Every six months we get the gang together to review and discuss the business and plan the future. Last February this conversation led to the changes you see on the TrinityP3.com site today. It was started with a conversation with Michael around the trends and challenges facing CMOs and their organisations, which could be summed up in one word – GROWTH – or more specifically the lack of it.
The past two decades we realised we had witnessed the downward pressure not just on agency fees, but marketing budgets. Marketers were expected to do more with less and were increasingly being held accountable to deliver company growth, often while their marketing resources had become fragmented, distributed and misaligned.
Marketers were struggling with managing all of these moving parts in an increasingly complex market. This included their external agencies, which had gone from being a trusted friend they could rely on to a multi-headed hydra struggling for a greater share of their diminishing budget.
We could feel this struggle because over the past two decades we had to evolve to the changing market place too.
The evolution from cost consultant to management consultant
Back in January 2000 we launched P3 to help people achieve commercial purpose through creative process, but quickly found that people (marketers) were more interested in how much they were paying for their creative process. Today our work with our clients is much more focused on delivering both productivity and performance improvement to the marketing process.
This change did not occur overnight but it is instructive to review how this evolved over time and the trends and market changes that influenced this transformation. Like the marketing, media and advertising industry itself, we have needed to keep evolving to the needs of the market.
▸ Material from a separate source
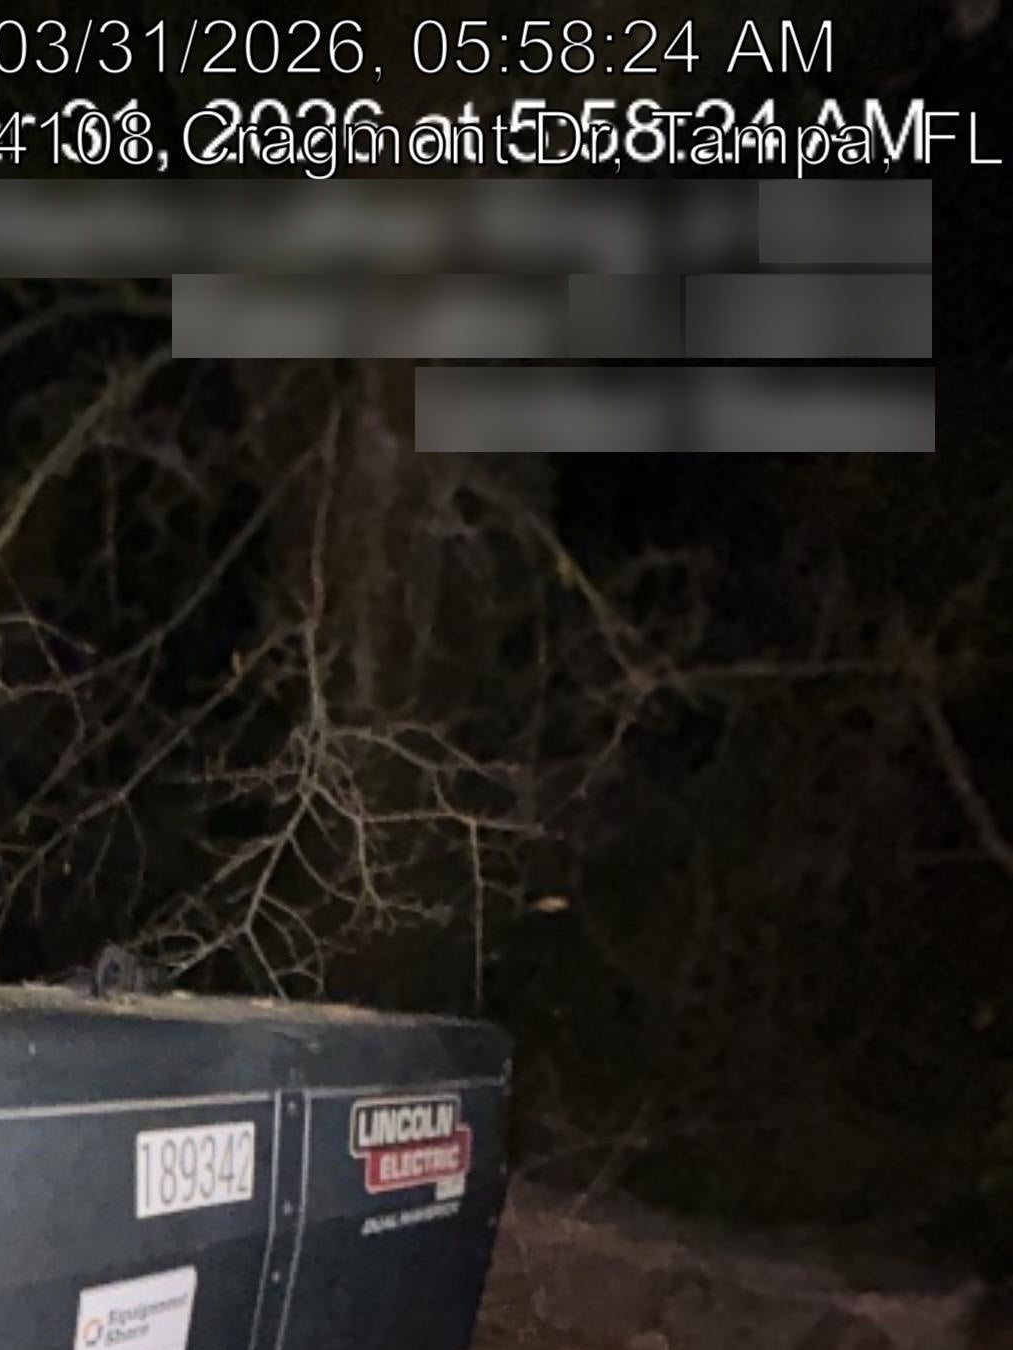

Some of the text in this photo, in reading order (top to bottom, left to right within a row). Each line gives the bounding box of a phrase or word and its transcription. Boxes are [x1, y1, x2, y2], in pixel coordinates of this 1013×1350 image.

[358, 1103, 454, 1147] LINCOLN
[140, 1130, 252, 1207] 189342
[379, 1143, 460, 1181] ELECTRIC
Yet it is interesting that often people in the industry will remember us for a particular type of project or process, such as pitch management or search and selection, even though this is only a very small component of the work we do with our clients.
Costs consulting
For the first five years of business, P3 was primarily acting as an advertising production cost consultant. Most advertisers were interested in how much they were paying for their productions and if this was fair and reasonable. Television costs were of particular interest, but this raised questions on agency remuneration and media planning and buying and so our consulting base and the scope of our work increased.
The interesting part was the lack of discussion around performance and effectiveness as part of the cost considerations. Marketers were looking for ways to ensure they were maximising the buying power of their marketing and advertising budget.
It was during this time that Dennis Merchant and Mark Chesterfield set up their company Mediabenchmarks in competition with Faulkner Godbold, as it was at the time, and we started working together in a relationship that would eventually see it become part of the P3 offering.
Productivity consulting
In late 2005 / early 2006 we noticed we were increasingly working with procurement professionals on the client side. Their role was to reduce waste and cost in the marketing and advertising spend and they used cost benchmarking as a tool of choice. Largely this meant that our cost benchmarking offering was not required as corporate procurement teams would use their current agency rates as the benchmark and shop around to find more competitive rates to drive savings.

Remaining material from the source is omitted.